[RECORD EXCERPTS]
□ □ □ □ □

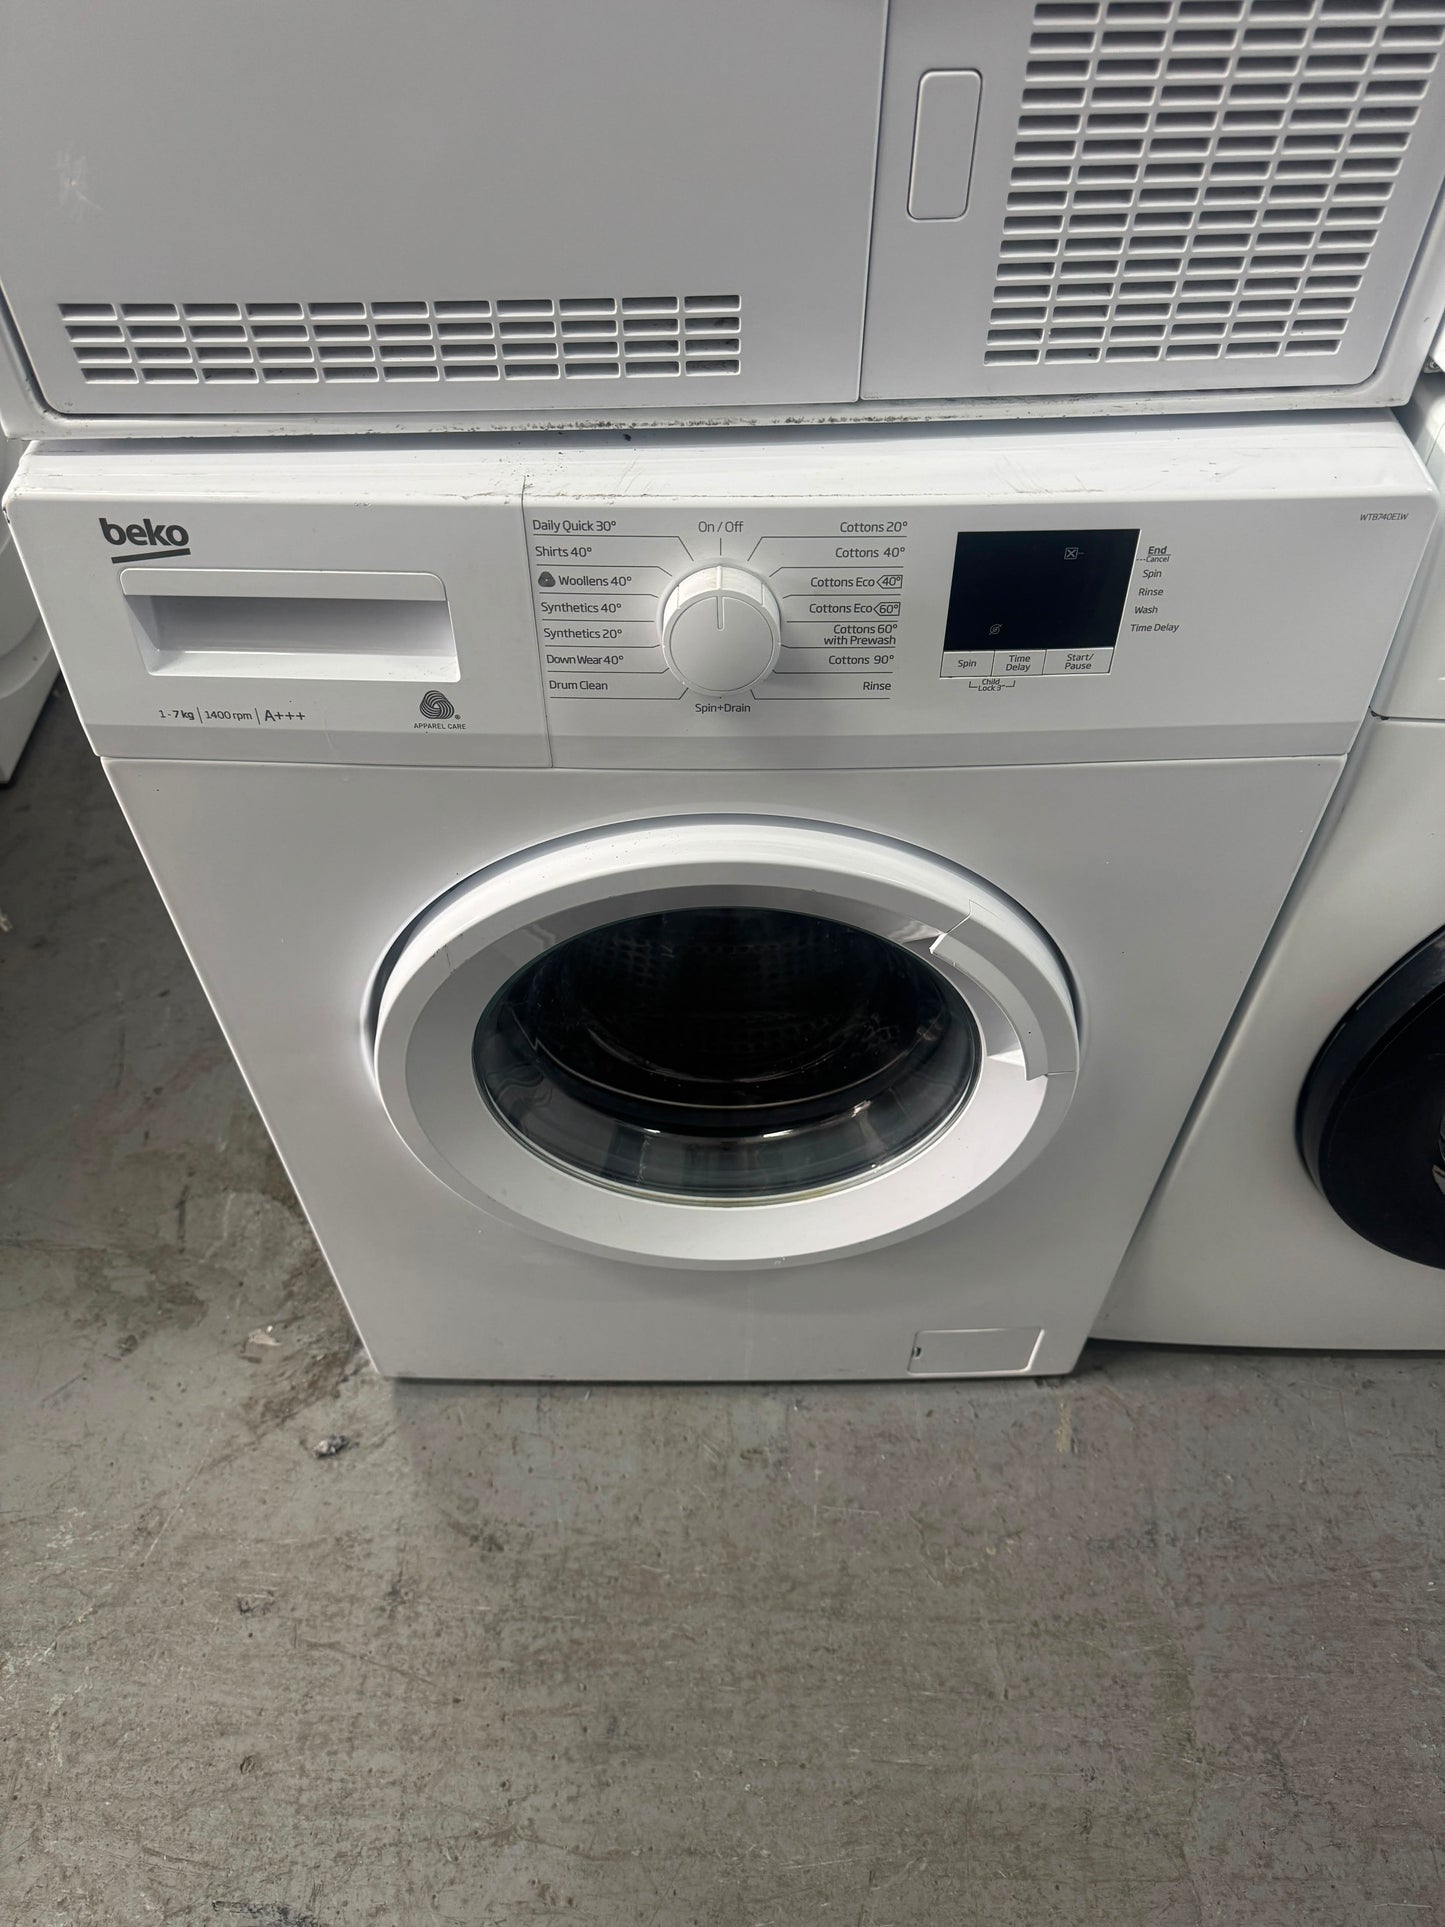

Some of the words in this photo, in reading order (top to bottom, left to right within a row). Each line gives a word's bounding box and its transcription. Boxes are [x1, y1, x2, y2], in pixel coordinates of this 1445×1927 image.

[99, 517, 190, 546] beko
[533, 520, 560, 533] Daily
[563, 520, 594, 533] Quick
[596, 520, 616, 531] 30°
[698, 521, 715, 532] On
[725, 521, 744, 533] Off
[840, 522, 884, 533] Cottons
[886, 522, 908, 533] 20°
[535, 546, 568, 557] Shirts
[571, 547, 592, 557] 40°
[835, 547, 879, 558] Cottons
[884, 547, 905, 557] 40°
[1148, 546, 1167, 555] End
[1146, 555, 1170, 563] Cancel
[1142, 569, 1162, 579] Spin
[558, 576, 609, 586] Woollens
[611, 576, 632, 586] 40°
[810, 577, 854, 588] Cottons
[856, 577, 875, 587] Eco
[1138, 588, 1164, 596] Rinse
[541, 602, 599, 614] Synthetics
[601, 603, 622, 613] 40°
[809, 603, 852, 614] Cottons
[854, 603, 873, 613] Eco
[1134, 606, 1158, 614] Wash
[833, 624, 875, 634] Cottons
[878, 624, 898, 634] 60°
[1131, 624, 1152, 632] Time
[1154, 624, 1180, 633] Delay
[544, 628, 601, 640] Synthetics
[603, 629, 622, 638] 20°
[824, 636, 848, 645] with
[850, 635, 896, 645] Prewash
[546, 654, 576, 664] Down
[577, 655, 602, 664] Wear
[604, 655, 624, 665] 40°
[828, 655, 870, 665] Cottons
[874, 655, 894, 664] 90°
[1009, 655, 1030, 663] Time
[1067, 653, 1094, 662] Start/
[957, 659, 977, 668] Spin
[1005, 663, 1031, 672] Delay
[1064, 662, 1092, 670] Pause
[549, 680, 577, 690] Drum
[580, 681, 608, 690] Clean
[863, 681, 892, 691] Rinse
[695, 703, 751, 714] Spin+Drain
[204, 710, 232, 720] 1400
[233, 712, 253, 721] rpm
[264, 709, 306, 722] A+++
[413, 722, 446, 730] APPAREL

□ □ □ □ □

[EXERCISE OBJECTIVE]
Spot the lines above that mention "Rinse" and copy them.

[ANSWER TO THIS PROBLEM]
[1138, 588, 1164, 596] Rinse
[863, 681, 892, 691] Rinse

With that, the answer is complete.